The problem: Set down exactly the lines that run from the line with "Some of the text" to the end of the data, and nothing else.

Source data:
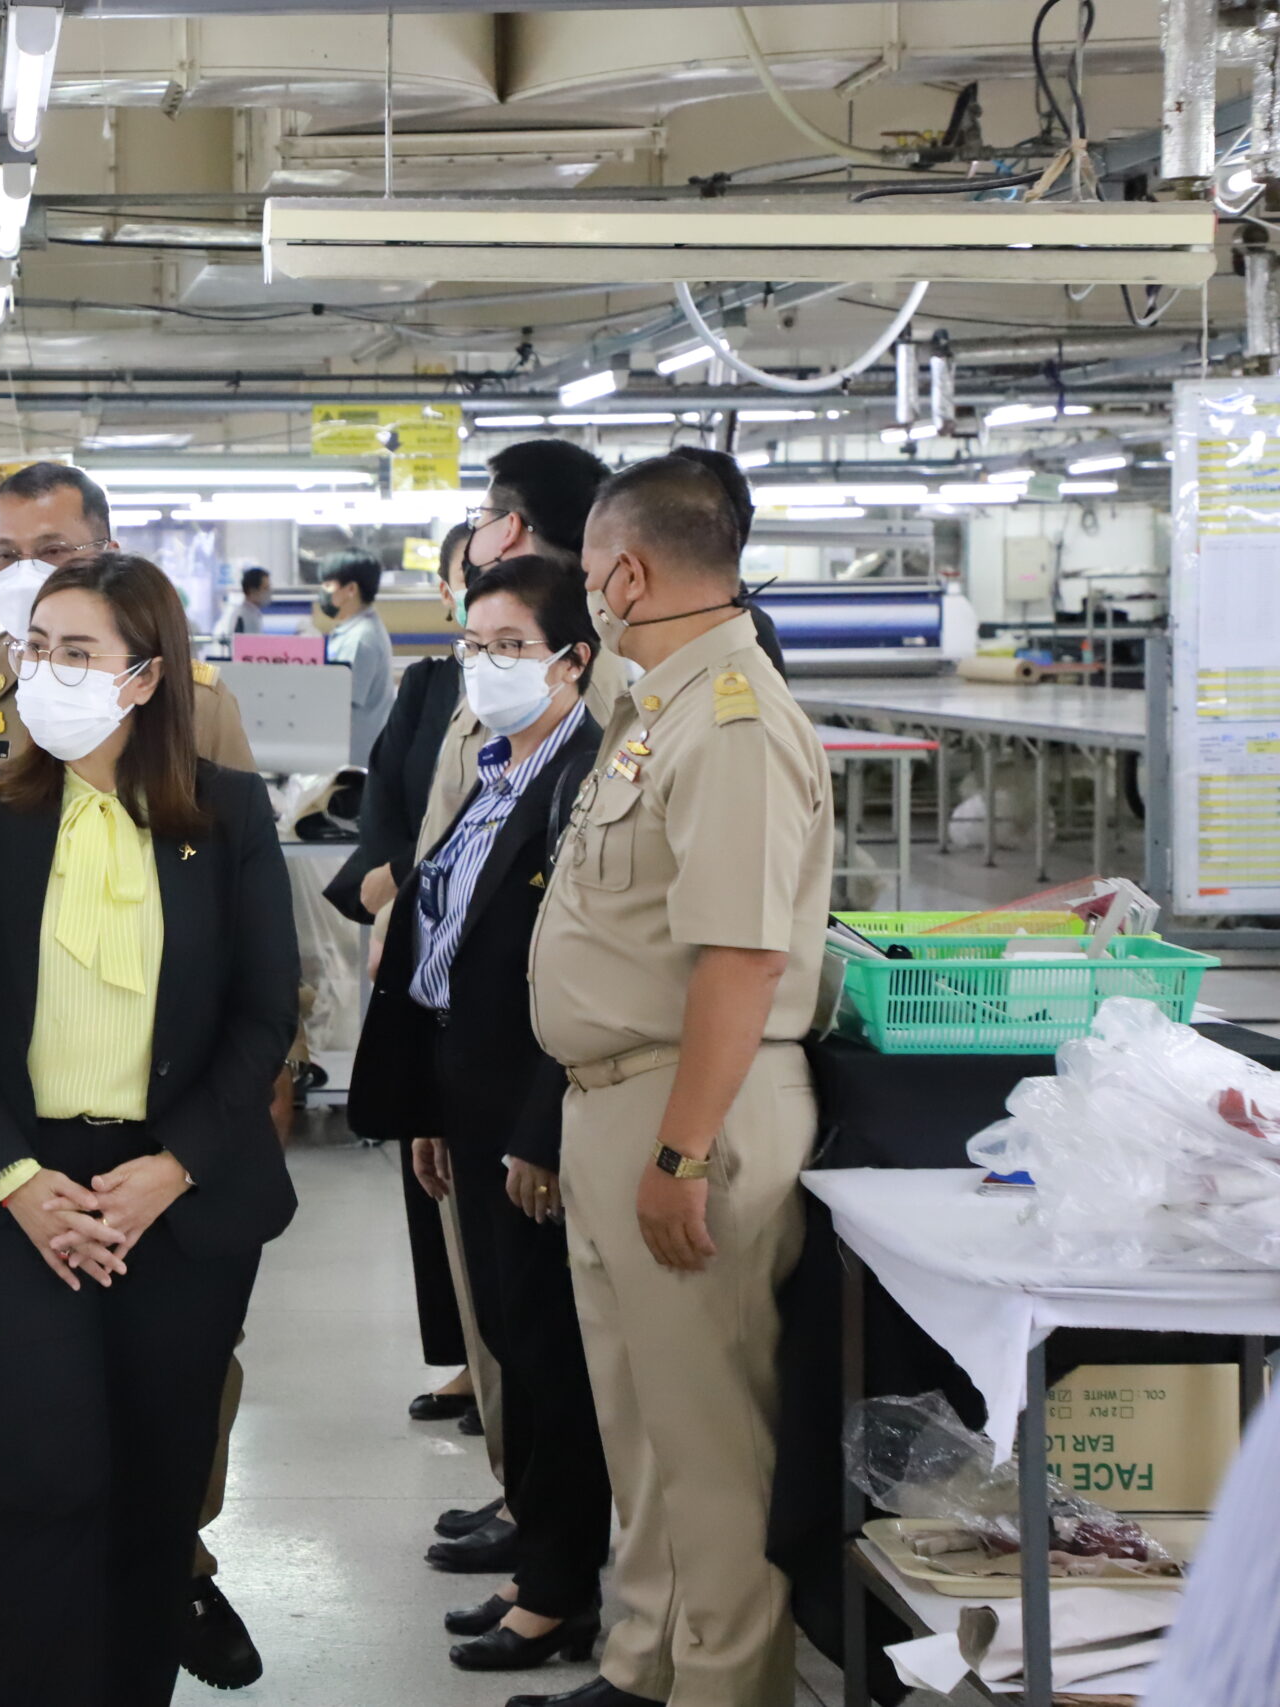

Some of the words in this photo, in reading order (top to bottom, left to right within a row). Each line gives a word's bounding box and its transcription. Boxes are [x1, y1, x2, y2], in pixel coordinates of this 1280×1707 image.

[1045, 1390, 1056, 1401] B
[1083, 1389, 1118, 1401] WHITE
[1089, 1407, 1109, 1418] PLY
[1111, 1407, 1118, 1417] 2
[1072, 1434, 1115, 1453] EAR
[1072, 1463, 1154, 1491] FACE
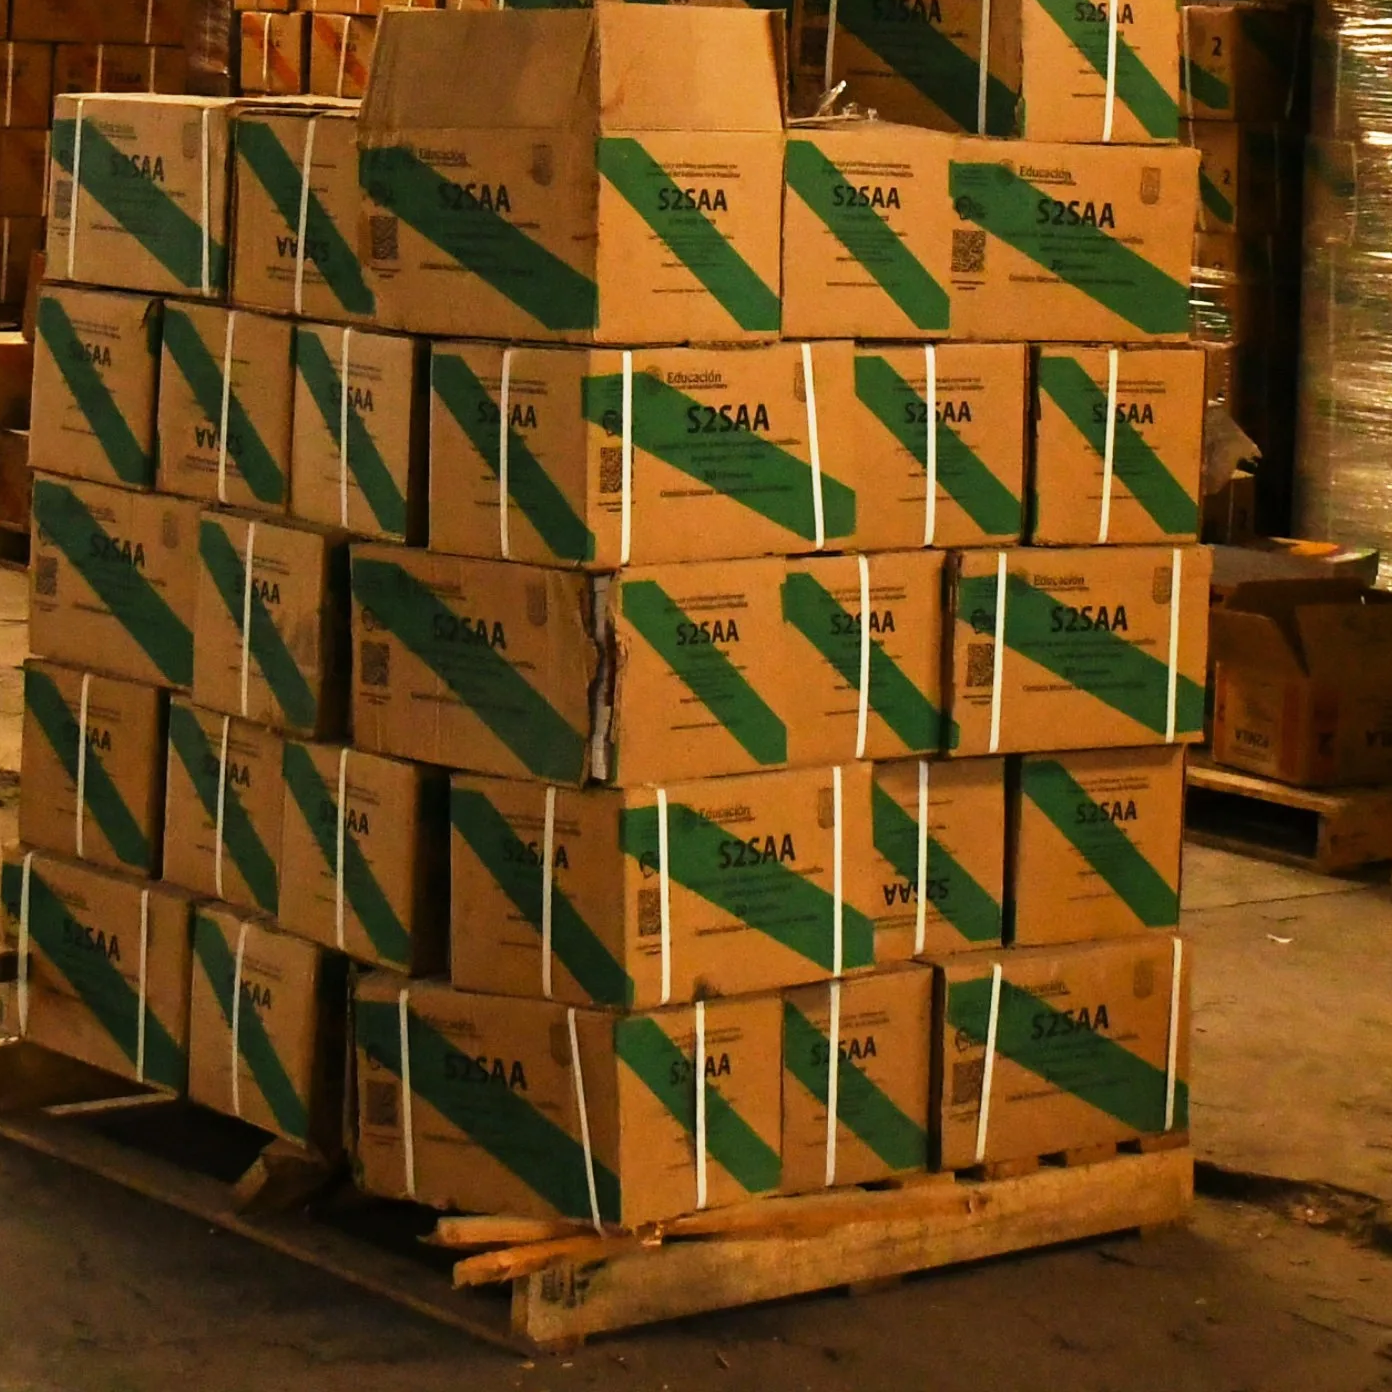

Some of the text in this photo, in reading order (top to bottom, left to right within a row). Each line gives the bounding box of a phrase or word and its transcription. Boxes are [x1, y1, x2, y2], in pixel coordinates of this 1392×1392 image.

[1211, 36, 1223, 57] 2
[1019, 165, 1072, 180] Educación
[437, 182, 511, 213] S2SAA
[659, 188, 727, 212] S2SAA
[832, 185, 900, 209] S2SAA
[1036, 198, 1115, 229] S2SAA
[667, 371, 721, 383] Educación
[328, 383, 374, 413] SSAA
[476, 404, 539, 430] S2AA
[687, 404, 769, 433] S2SAA
[1093, 402, 1154, 425] SSAA
[434, 614, 506, 650] S2SAA
[1051, 605, 1128, 632] S2SAA
[677, 620, 739, 645] S2SAA
[1075, 801, 1138, 823] S2SAA
[718, 834, 796, 868] S2SAA
[1031, 1006, 1109, 1040] S2SAA
[445, 1055, 527, 1090] S2SAA
[670, 1054, 731, 1085] S2AA

Task result:
Some of the text in this photo, in reading order (top to bottom, left to right within a row). Each line gives the bounding box of a phrase or word and its transcription. Boxes are [x1, y1, x2, y2], in pixel coordinates of this 1392×1392 image.

[1211, 36, 1223, 57] 2
[1019, 165, 1072, 180] Educación
[437, 182, 511, 213] S2SAA
[659, 188, 727, 212] S2SAA
[832, 185, 900, 209] S2SAA
[1036, 198, 1115, 229] S2SAA
[667, 371, 721, 383] Educación
[328, 383, 374, 413] SSAA
[476, 404, 539, 430] S2AA
[687, 404, 769, 433] S2SAA
[1093, 402, 1154, 425] SSAA
[434, 614, 506, 650] S2SAA
[1051, 605, 1128, 632] S2SAA
[677, 620, 739, 645] S2SAA
[1075, 801, 1138, 823] S2SAA
[718, 834, 796, 868] S2SAA
[1031, 1006, 1109, 1040] S2SAA
[445, 1055, 527, 1090] S2SAA
[670, 1054, 731, 1085] S2AA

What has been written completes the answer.